_Supplied information_:
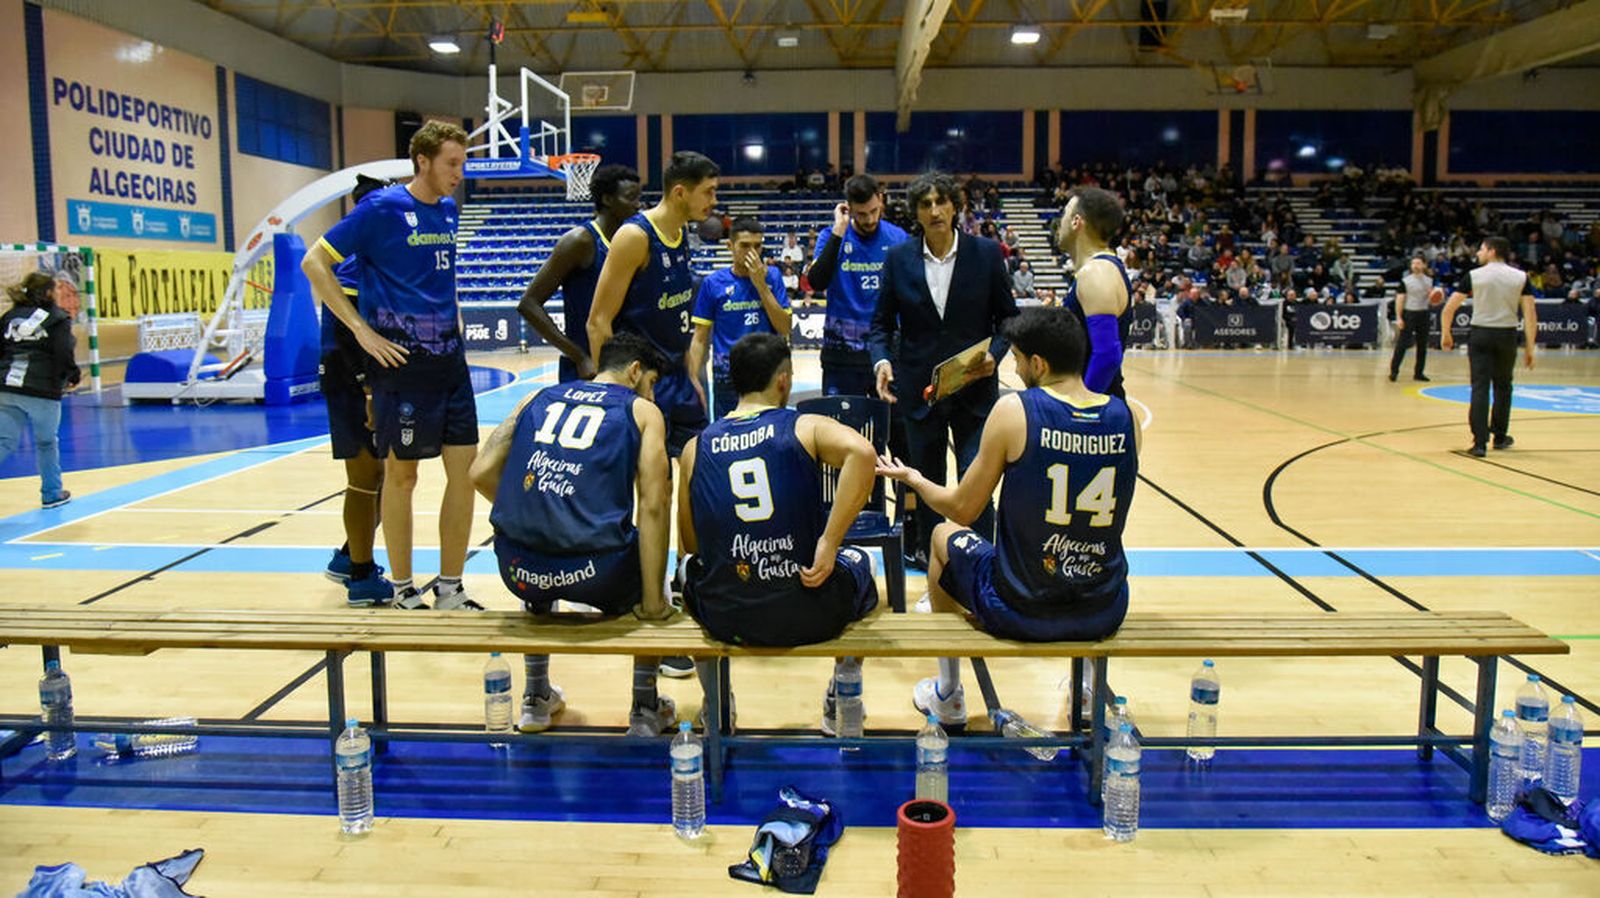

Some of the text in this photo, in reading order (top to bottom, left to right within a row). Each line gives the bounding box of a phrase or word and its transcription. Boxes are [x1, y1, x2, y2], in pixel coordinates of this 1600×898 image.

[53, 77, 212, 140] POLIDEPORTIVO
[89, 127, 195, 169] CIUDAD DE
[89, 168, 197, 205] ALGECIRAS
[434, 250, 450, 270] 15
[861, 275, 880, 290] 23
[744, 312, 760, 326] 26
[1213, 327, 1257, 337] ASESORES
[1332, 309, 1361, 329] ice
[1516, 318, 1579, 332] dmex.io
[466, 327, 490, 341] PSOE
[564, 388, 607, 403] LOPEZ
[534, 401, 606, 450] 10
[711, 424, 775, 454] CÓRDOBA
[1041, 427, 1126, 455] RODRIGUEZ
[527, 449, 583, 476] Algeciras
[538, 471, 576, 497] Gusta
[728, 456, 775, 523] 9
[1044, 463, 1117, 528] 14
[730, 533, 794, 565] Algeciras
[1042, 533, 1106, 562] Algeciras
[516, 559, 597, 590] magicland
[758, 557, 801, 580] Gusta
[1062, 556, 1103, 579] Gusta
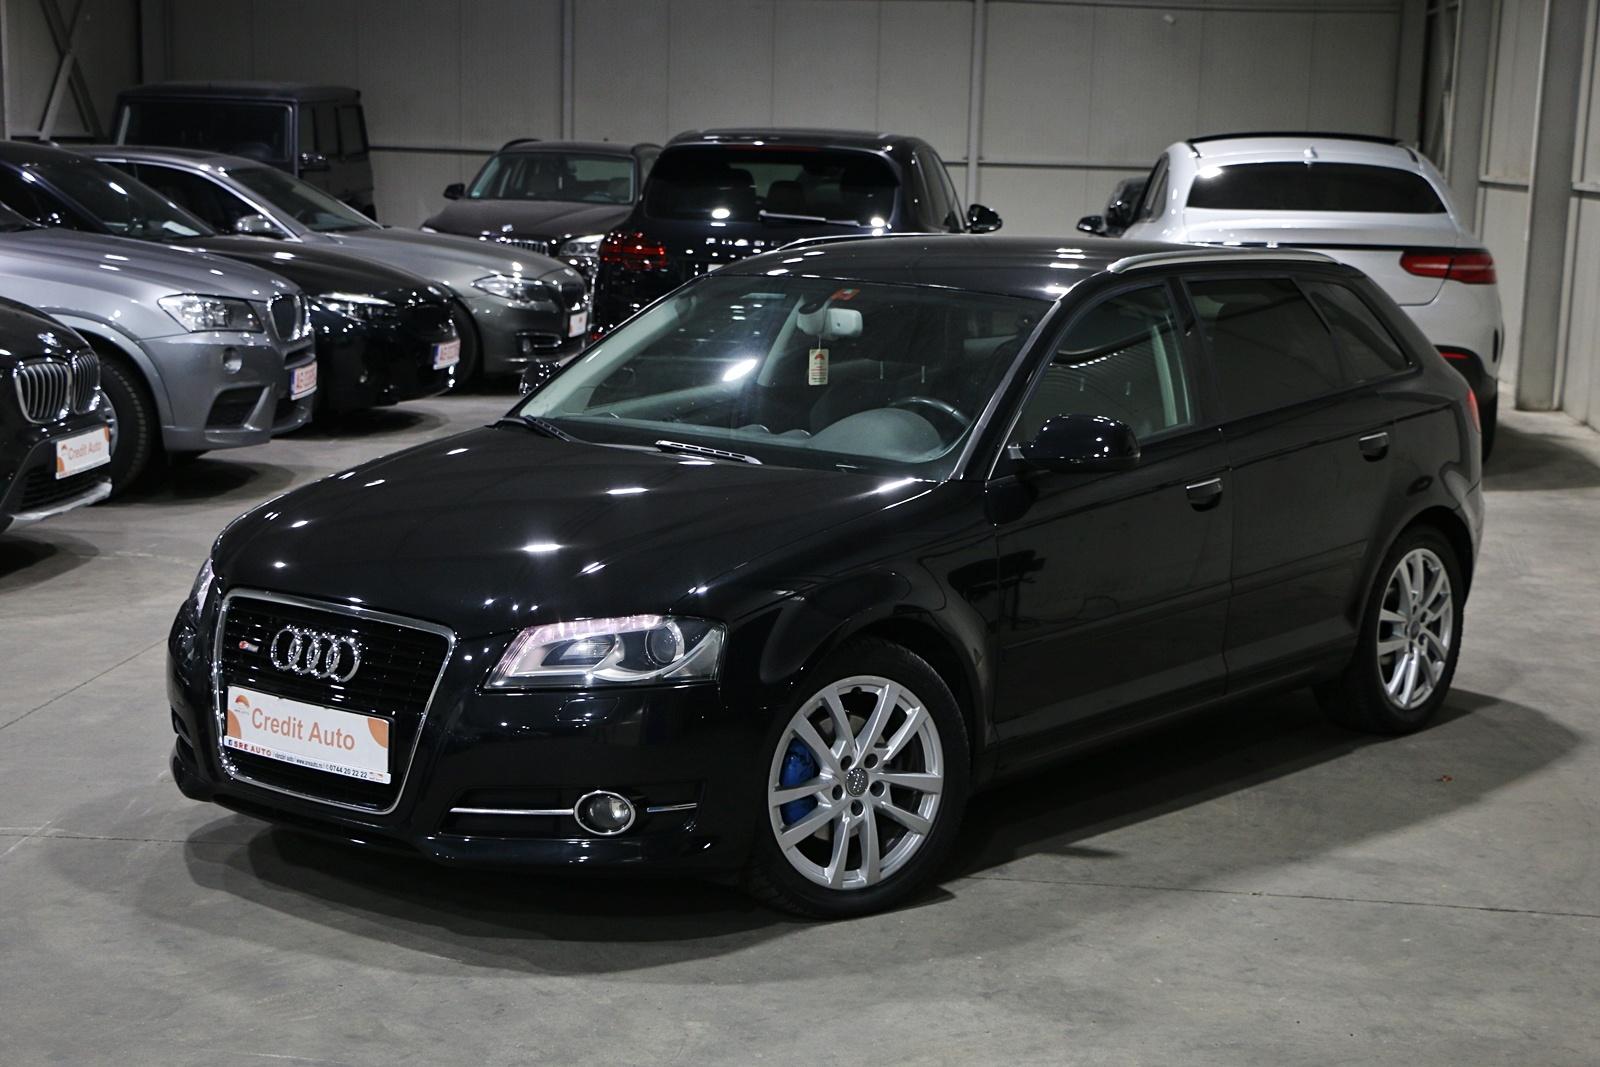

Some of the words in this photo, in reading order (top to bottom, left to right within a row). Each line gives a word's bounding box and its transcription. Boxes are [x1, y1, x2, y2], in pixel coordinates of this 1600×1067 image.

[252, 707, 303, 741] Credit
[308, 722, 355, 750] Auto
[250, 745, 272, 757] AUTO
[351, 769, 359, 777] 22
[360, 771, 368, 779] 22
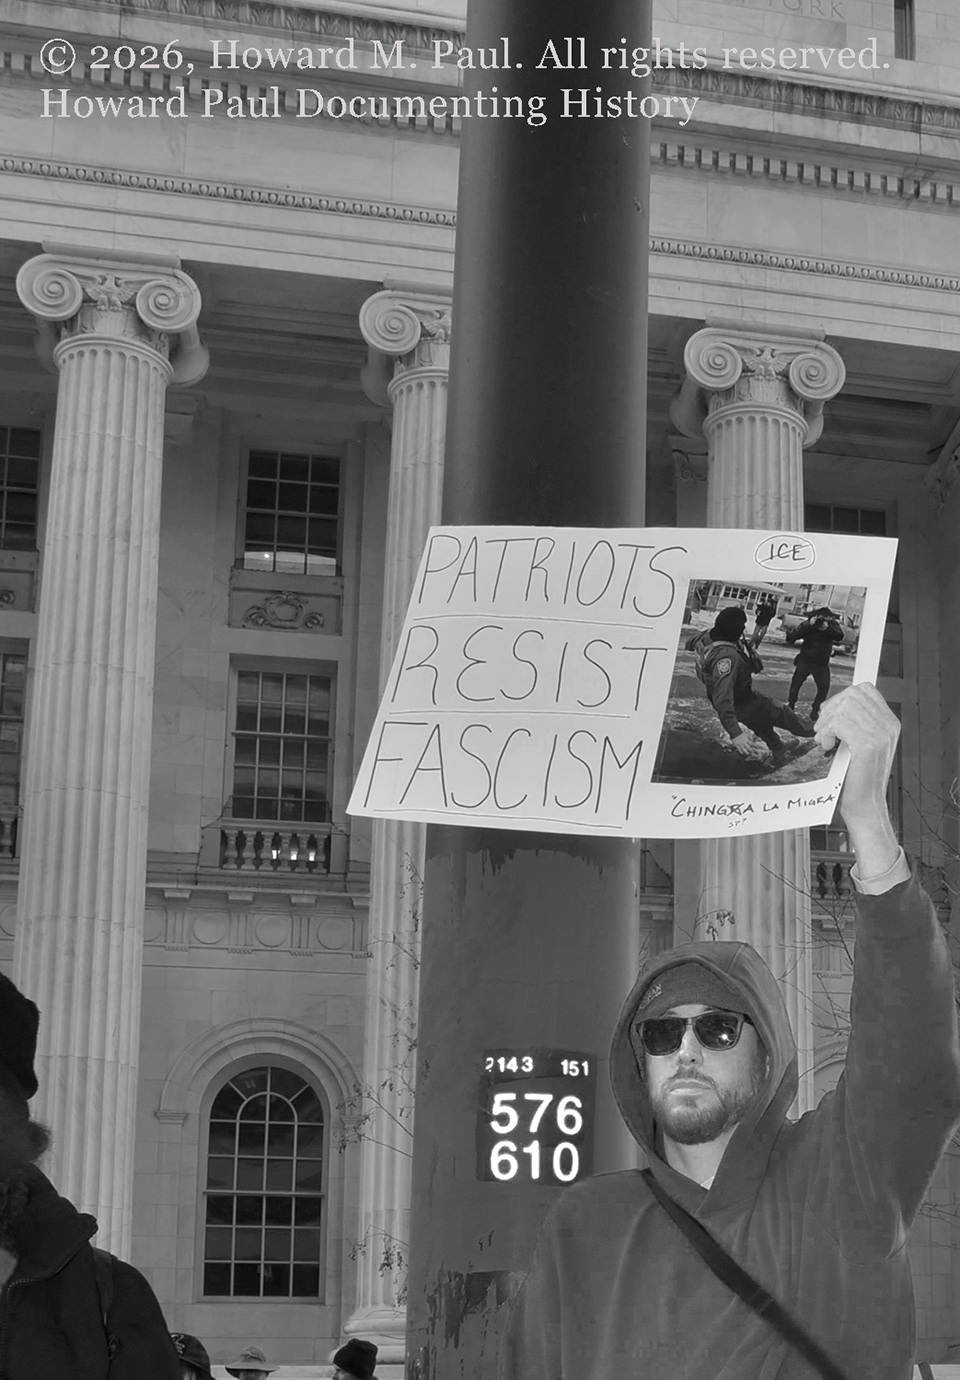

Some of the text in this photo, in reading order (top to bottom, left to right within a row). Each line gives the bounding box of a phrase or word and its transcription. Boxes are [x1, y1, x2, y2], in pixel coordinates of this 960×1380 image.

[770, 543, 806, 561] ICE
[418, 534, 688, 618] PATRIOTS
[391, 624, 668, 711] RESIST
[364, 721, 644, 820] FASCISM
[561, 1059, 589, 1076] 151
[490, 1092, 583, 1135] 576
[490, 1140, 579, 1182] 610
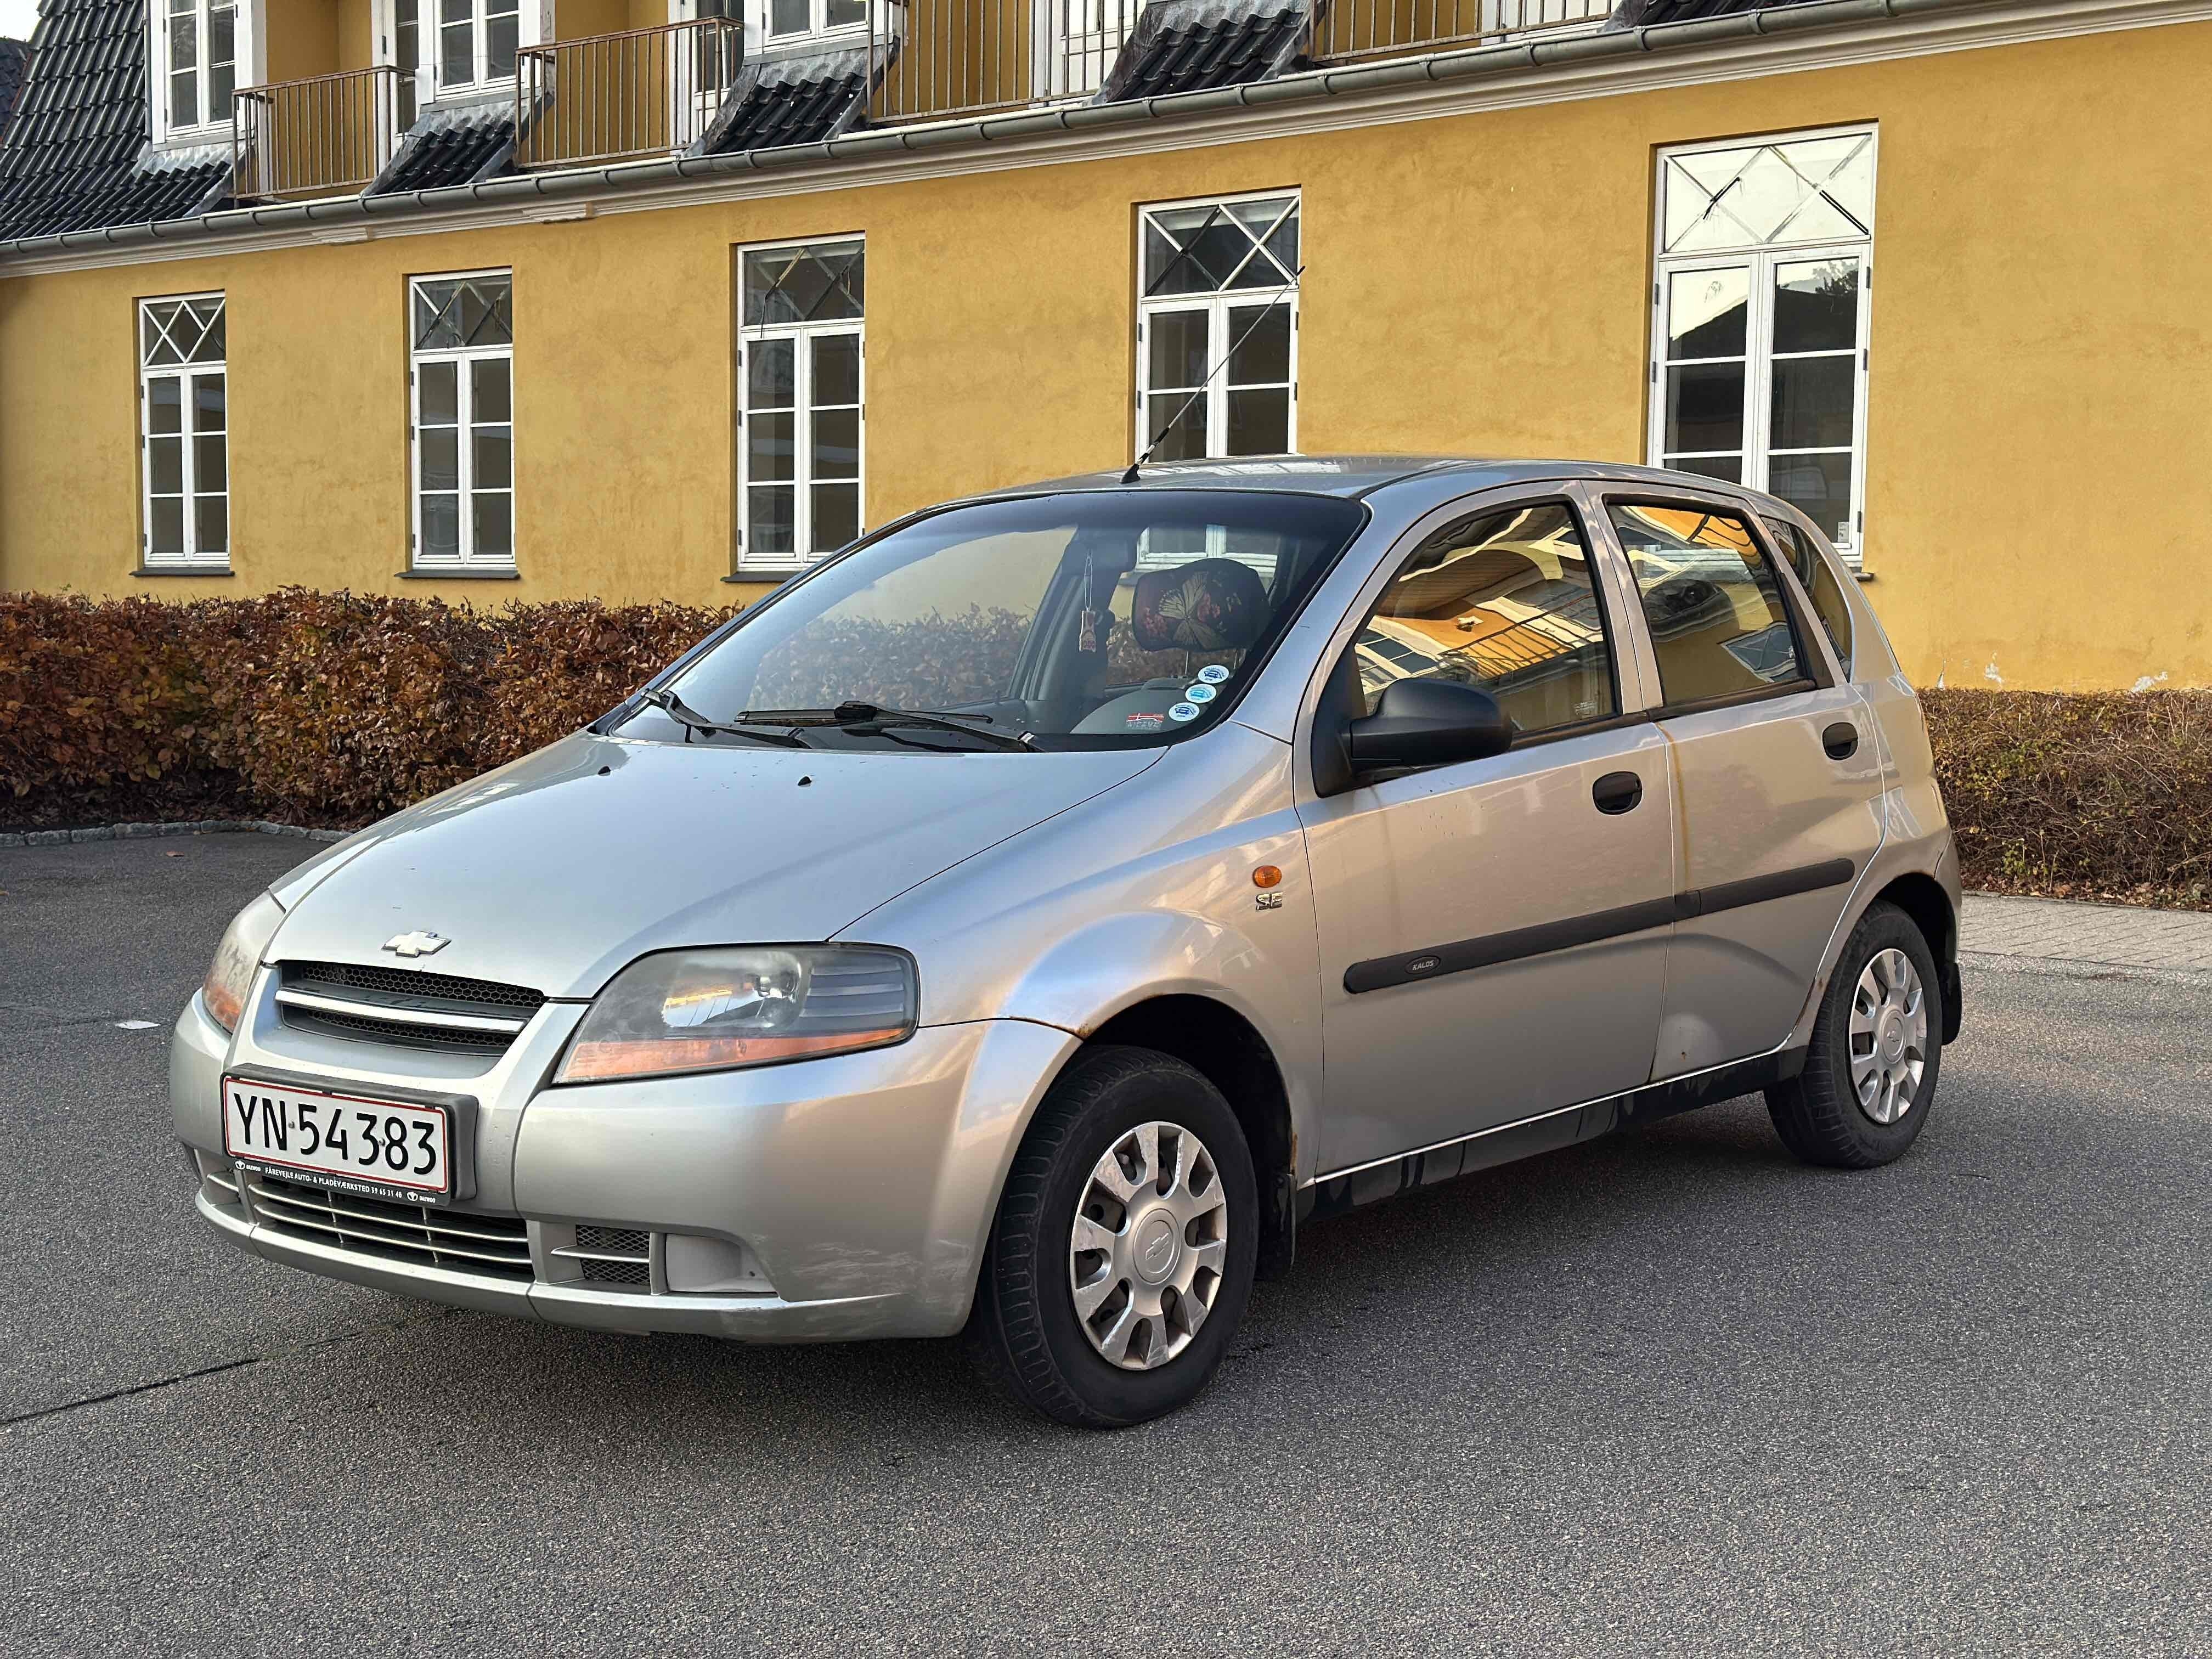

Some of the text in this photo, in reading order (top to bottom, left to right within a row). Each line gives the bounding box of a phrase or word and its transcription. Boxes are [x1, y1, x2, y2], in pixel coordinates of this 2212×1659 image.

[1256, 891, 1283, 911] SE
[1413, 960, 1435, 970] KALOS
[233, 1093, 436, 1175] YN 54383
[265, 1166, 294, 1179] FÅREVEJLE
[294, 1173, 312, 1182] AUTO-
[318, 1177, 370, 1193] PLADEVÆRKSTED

_To do_: From the line holding "this 960×1380 image." down to the final line of the entries above, print every line exactly. Pictures do not go in.

_Solution below_:
Some of the text in this photo, in reading order (top to bottom, left to right within a row). Each line gives the bounding box of a phrase or word and its transcription. Boxes are [x1, y1, x2, y2], in pixel coordinates of this 960×1380 image.

[770, 543, 806, 561] ICE
[418, 534, 688, 618] PATRIOTS
[391, 624, 668, 711] RESIST
[364, 721, 644, 820] FASCISM
[561, 1059, 589, 1076] 151
[490, 1092, 583, 1135] 576
[490, 1140, 579, 1182] 610

Some of the text in this photo, in reading order (top to bottom, left to right within a row). Each line gives the bounding box of a phrase or word and its transcription. Boxes are [x1, y1, x2, y2], in pixel coordinates of this 2212×1659 image.

[1256, 891, 1283, 911] SE
[1413, 960, 1435, 970] KALOS
[233, 1093, 436, 1175] YN 54383
[265, 1166, 294, 1179] FÅREVEJLE
[294, 1173, 312, 1182] AUTO-
[318, 1177, 370, 1193] PLADEVÆRKSTED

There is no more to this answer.